Occasionally one of the vireos would flash up into a low tree and wail for food until we had to bring the step-ladder and fetch him down. But it was not until Robin's winglets were fairly grown that he seemed aware of the existence of trees. Then, suddenly, one azure afternoon, he glanced up, c.o.c.ked his head, spread his untried Icarus-plumes and was off. In instant consternation, the whole family trooped after him, so far as groundlings could, while he flew from tree to tree and roof to roof. Chirping in his affectionate fashion, he peeped down upon us with evident surprise as if to ask, "Why don't you come, too? It's much nicer up here." Innocent of mirrors, he probably thought that we looked just like him, or that he looked just like us, and he could not understand why we chose to be earth-gropers when the leafy branches swayed so delectably in mid-air. But he was such a social and kindly little bird that, on our repeated calls, he came dipping down to us and, without protest of a feather, let himself be shut into his cage again.

Now we were face to face with the question that had already cast its shadow before. Should we make a life-long captive of our Robin, who took so pleasantly to human ways, or should we give him the perils and delights of liberty? Mary's eyes were very wistful, and Joy-of-Life and I reiterated to each other that our house-reared bird would be handicapped in the greenwood struggle for life, that he was necessarily weaker and less wary than other young robins, that there were white kittens next door, that a gaunt, gray hunting-cat had been seen lurking about the wire box--and yet, all the while, we knew what we must do.

"He who bends to himself a joy Does the winged life destroy; But he who kisses the joy as it flies Lives in eternity's sunrise."
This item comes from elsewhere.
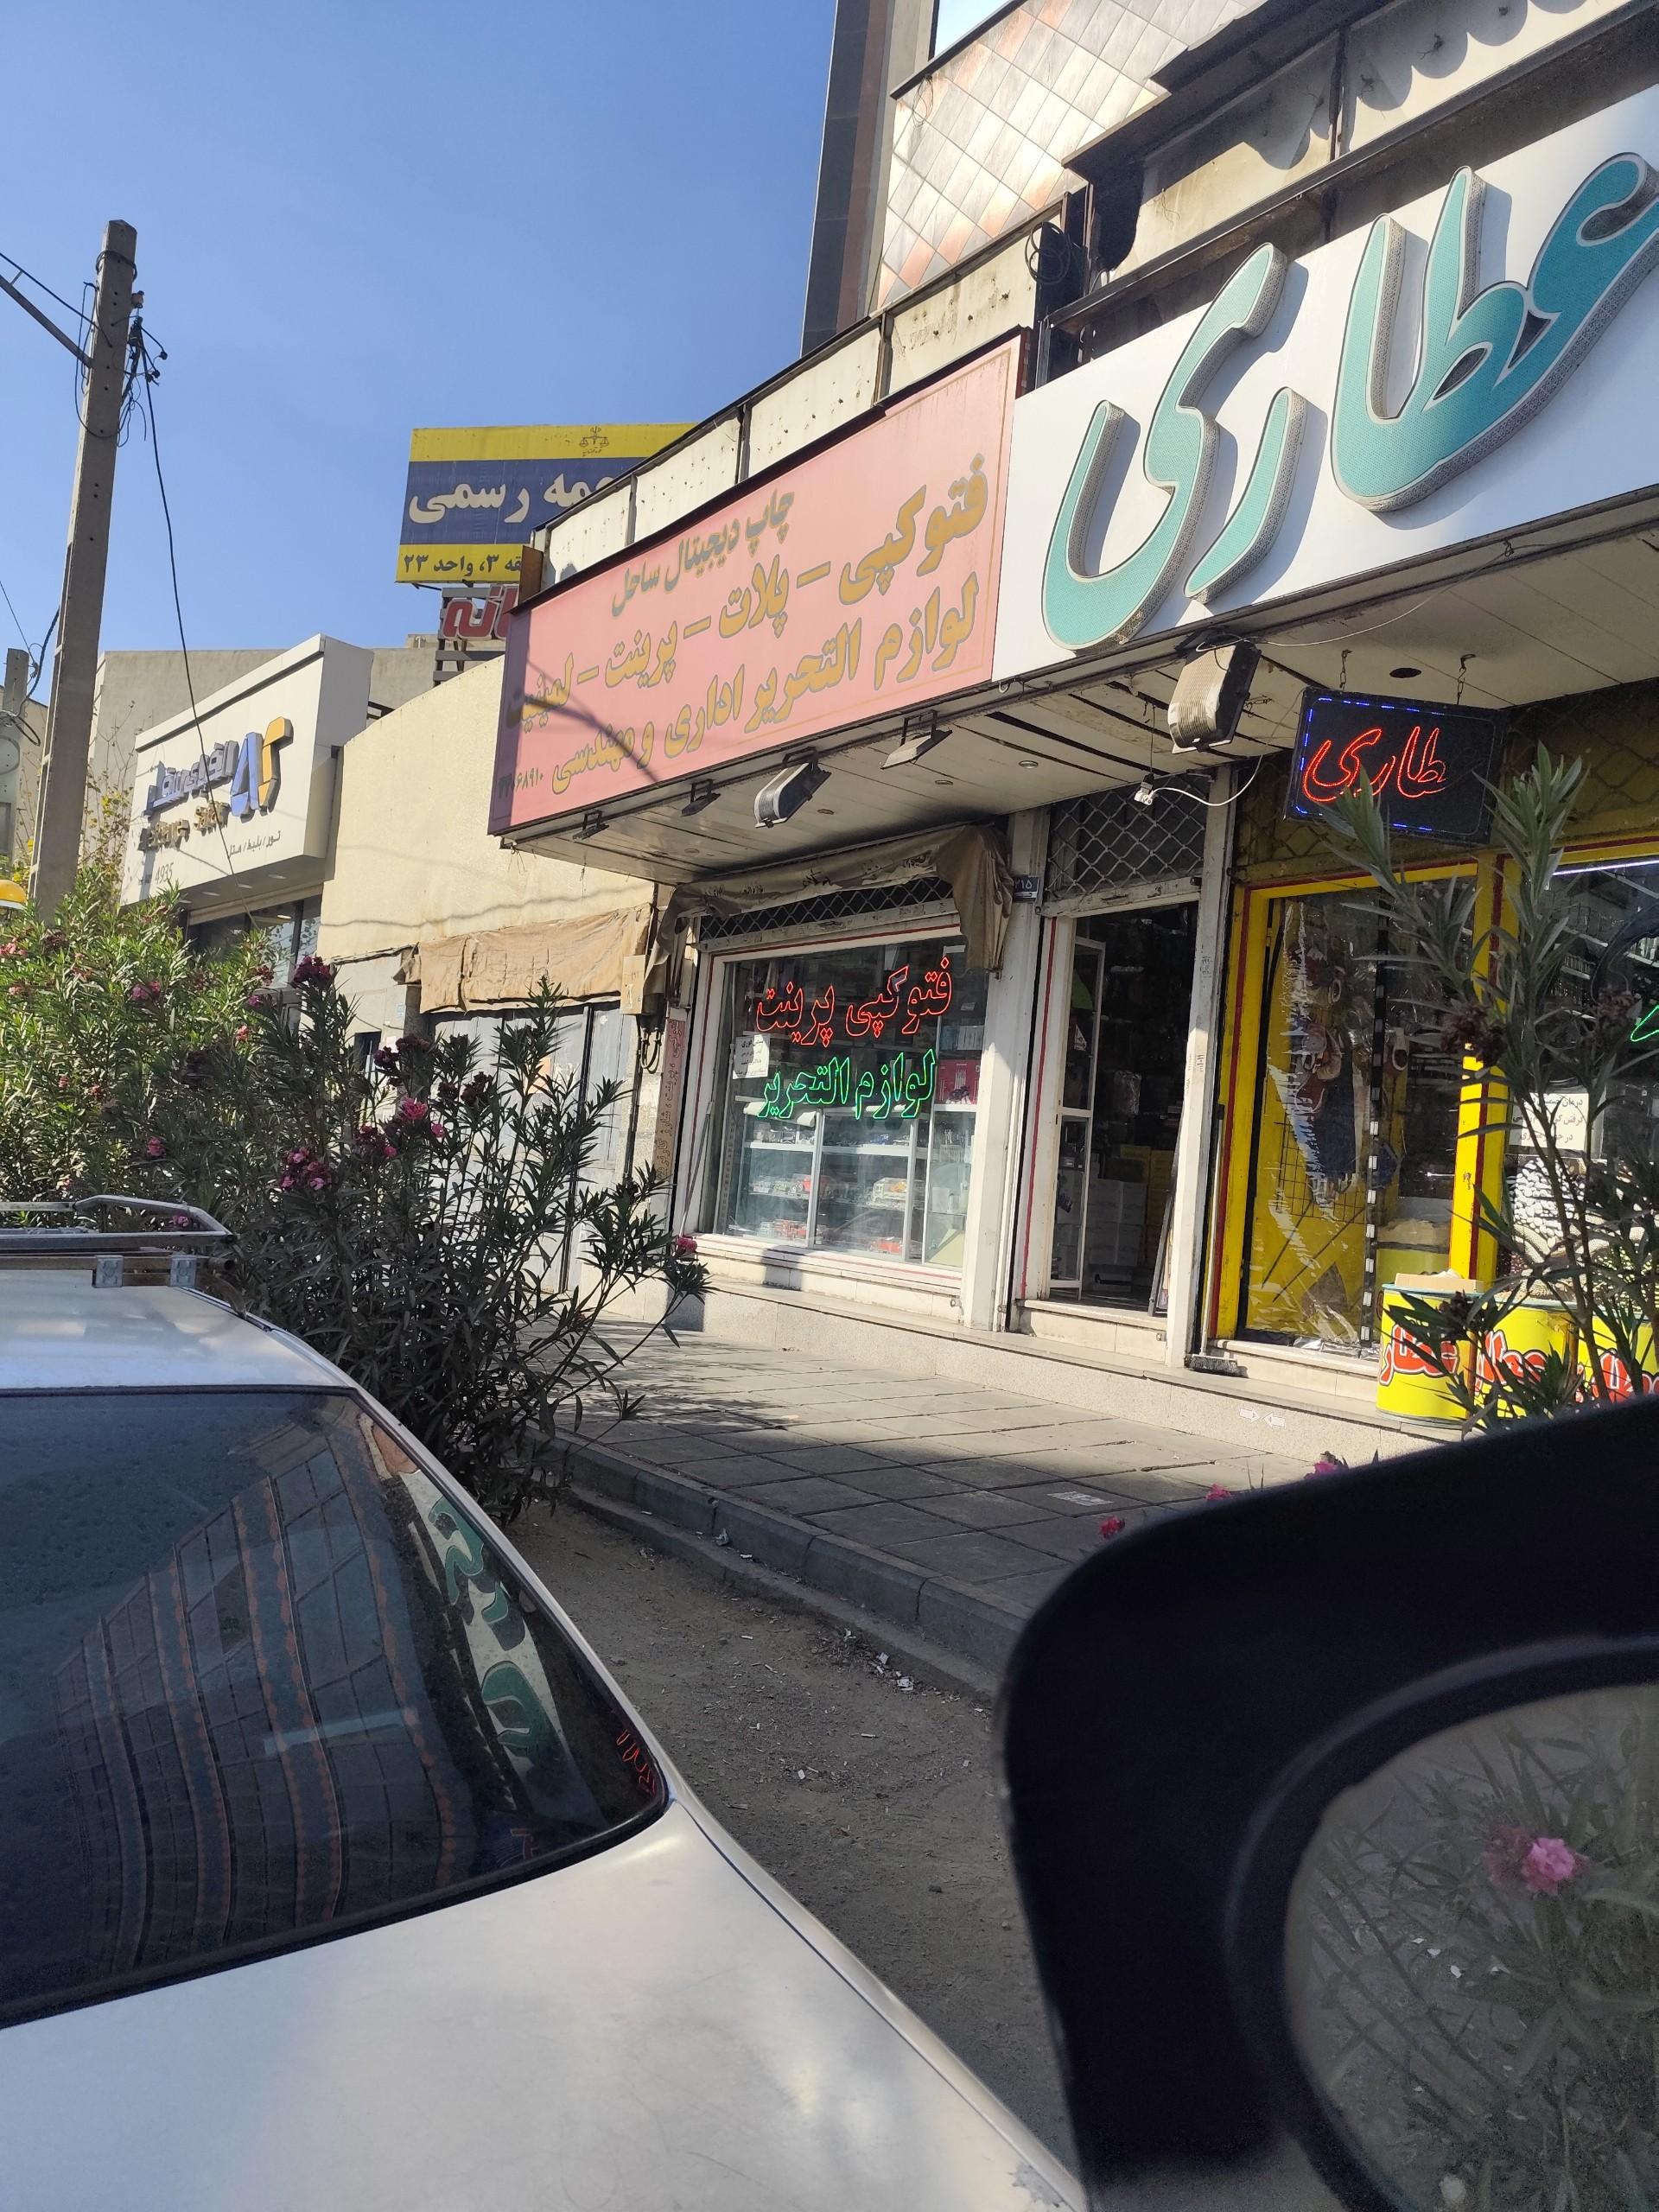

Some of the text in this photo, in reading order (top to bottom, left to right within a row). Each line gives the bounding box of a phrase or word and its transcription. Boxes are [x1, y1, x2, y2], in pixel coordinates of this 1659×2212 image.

And so, on the following day, whenever any of us were at leisure to guard our artless adventurer from the dangers of the yard, we set the cage-lid wide and let him go where he would. He made small use of his privileges at first. Little runs on the lawn amused him for a while, but he would soon mount to the piazza rail and tease the occupant of the steamer chair for food and petting. His hops over the shelving rock behind the house were feeble; his trips of exploration to the neighboring trees and roofs were brief. He was hardly more than a baby robin yet and, soon wearied, he would go back into his cage for a nap on the familiar perch. An old maternal robin showed much interest in this lonely, weak-legged youngster, who seemed so unthrifty about picking up ants for himself, but he squealed with fright and flew to us whenever she approached him. She would stand silently beside the cage and study him through the wire while he slept, but whether she was the matron of a robin-home for crippled children, or one of his kinsfolk puzzling out a likeness, our bewildered fosterling, whose idea of mother-birds was formed on Dame Gentle and ourselves, would have, from first to last, nothing to do with her.
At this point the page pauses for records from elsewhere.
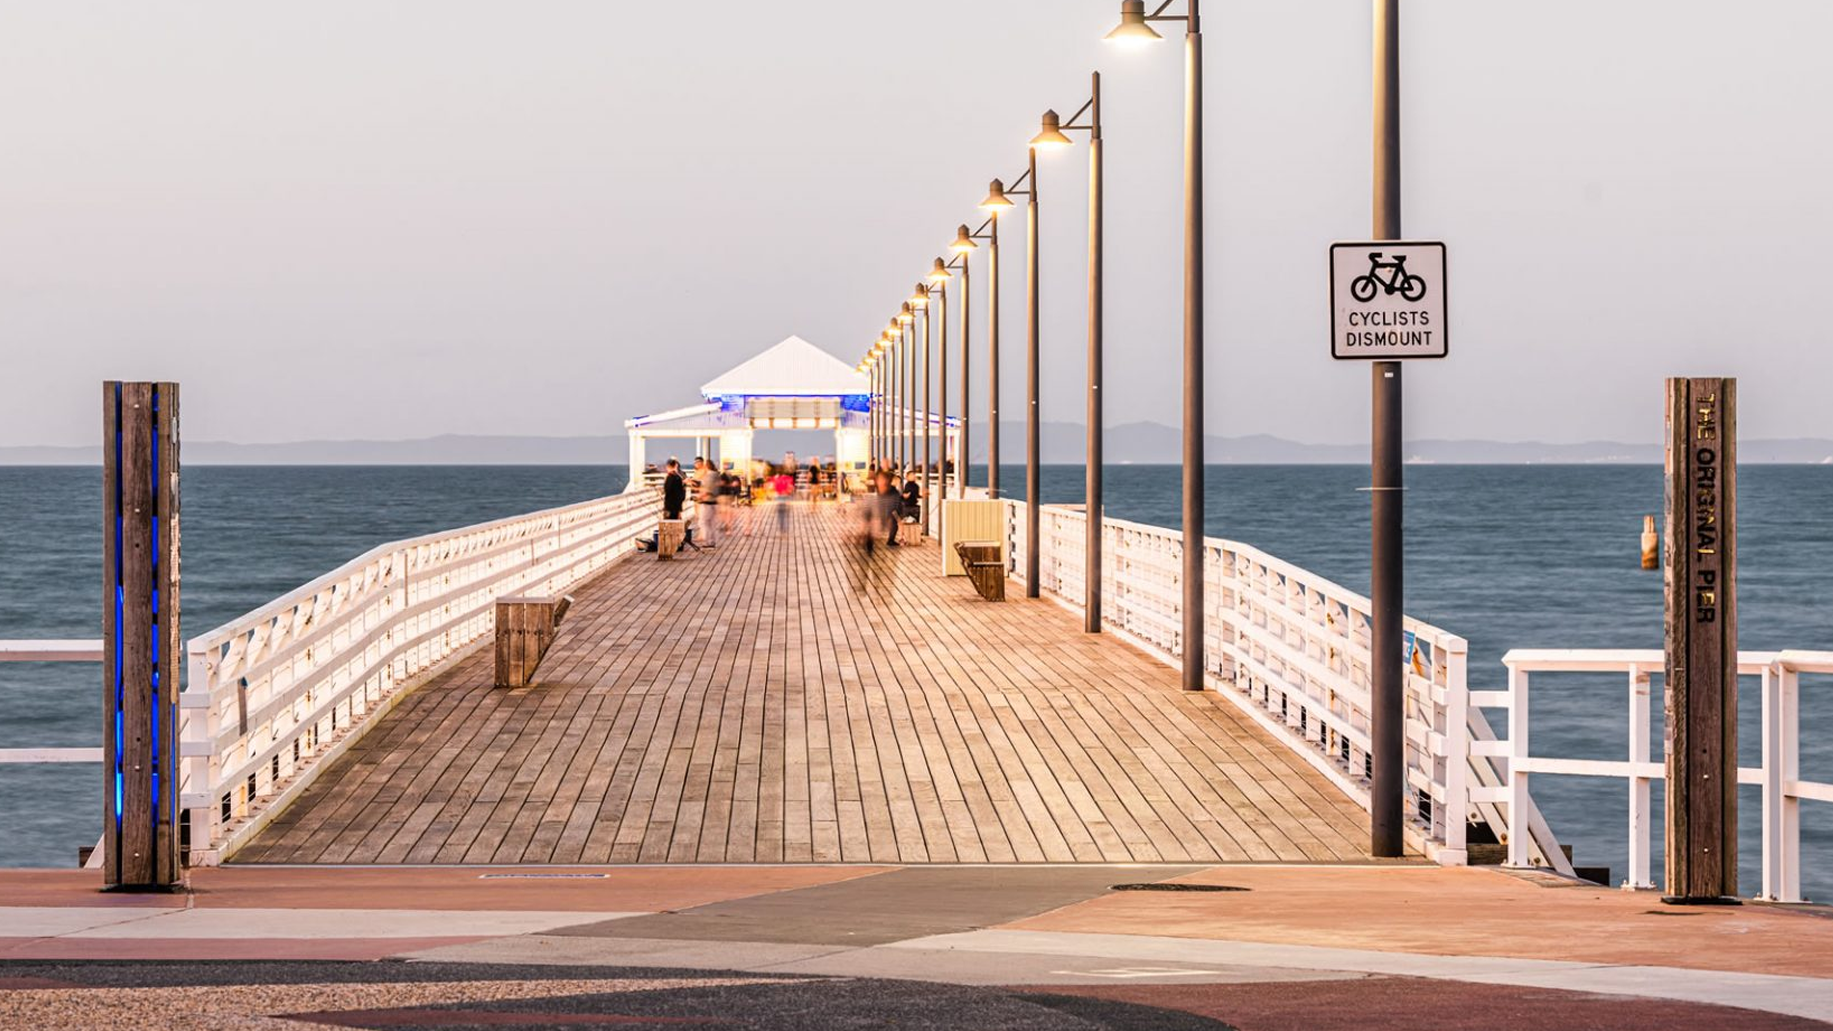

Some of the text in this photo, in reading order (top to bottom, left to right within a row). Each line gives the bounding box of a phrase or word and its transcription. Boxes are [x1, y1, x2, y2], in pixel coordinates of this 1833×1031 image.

[1349, 311, 1429, 326] CYCLISTS
[1346, 331, 1432, 347] DISMOUNT
[1697, 393, 1716, 623] THE ORIGINAL PIER
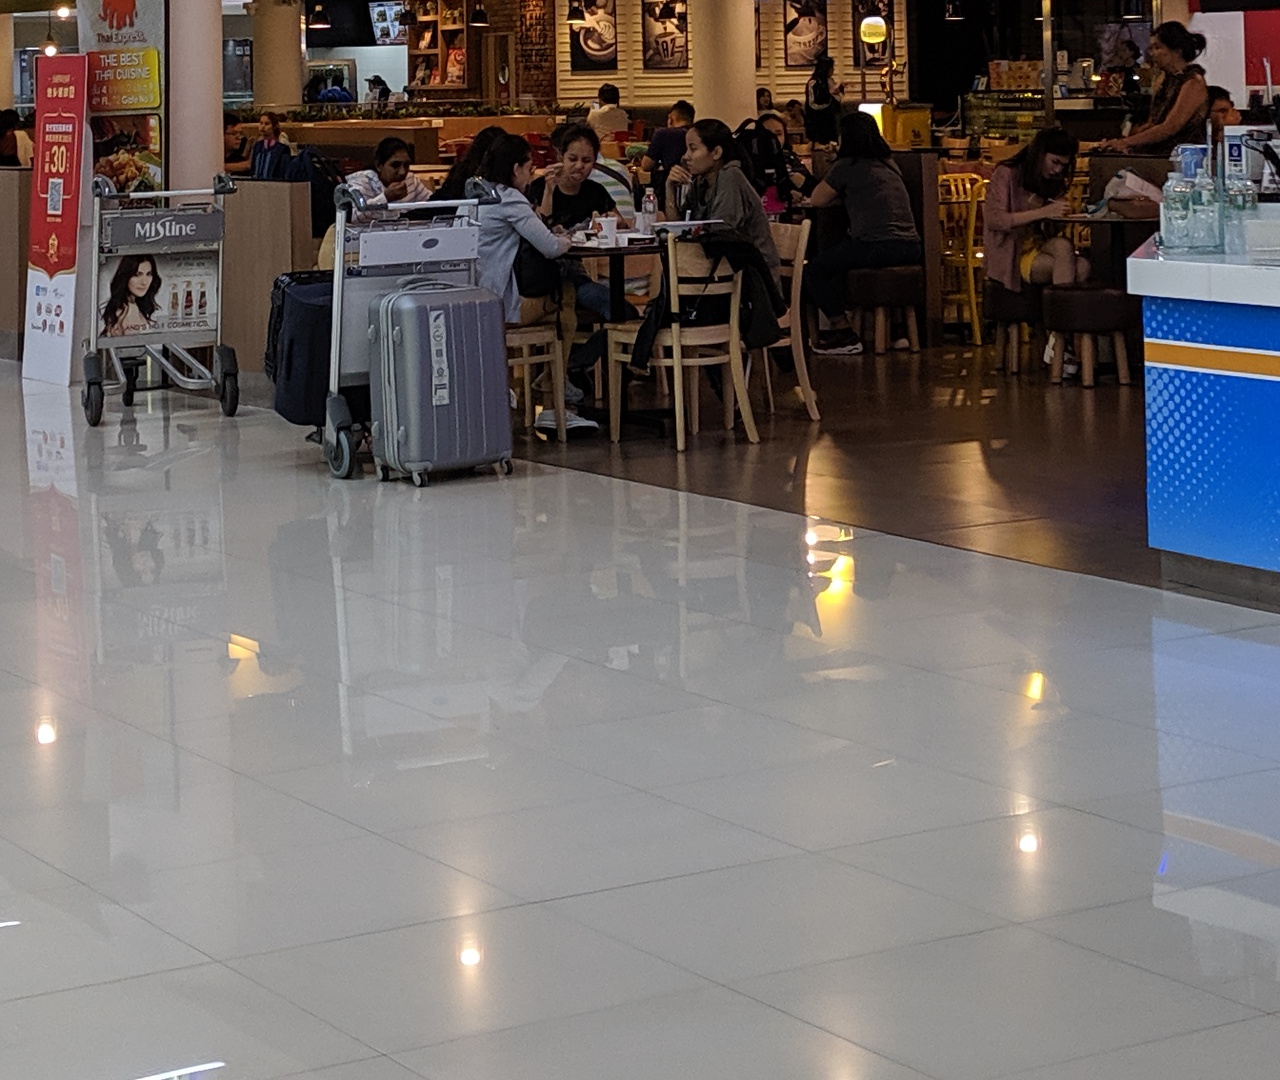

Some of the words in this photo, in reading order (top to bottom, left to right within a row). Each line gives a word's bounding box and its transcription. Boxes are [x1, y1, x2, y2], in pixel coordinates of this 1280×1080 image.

[100, 53, 118, 68] THE
[120, 51, 145, 66] BEST
[95, 69, 114, 81] THAI
[116, 67, 152, 80] CUISINE
[50, 145, 66, 174] 30
But one evening, July 7th, just as we had finished giving Robin Hood a particularly good supper on the edge of his box, he suddenly soared and left us. The house stands

"About a young bird's flutter from a wood,"

and, to our dismay, Robin Hood made thitherward as if it were Sherwood Forest, disappeared among the dusky treetops and returned not a chirp to all our agitated calling. He had not pa.s.sed a night out of doors for the three weeks that he had been under human guardianship, and we felt that anything from a fatal chill to a fatal hawk might befall him. But the first sound that greeted my waking senses in the morning was Mary's delighted, rich-toned, "Why, Robby!"

and there, on top of his cage, sat a hungry, happy little bird, chirping eagerly and gesticulating with one wing in a funny fashion of his own, peculiar to seasons of excitement.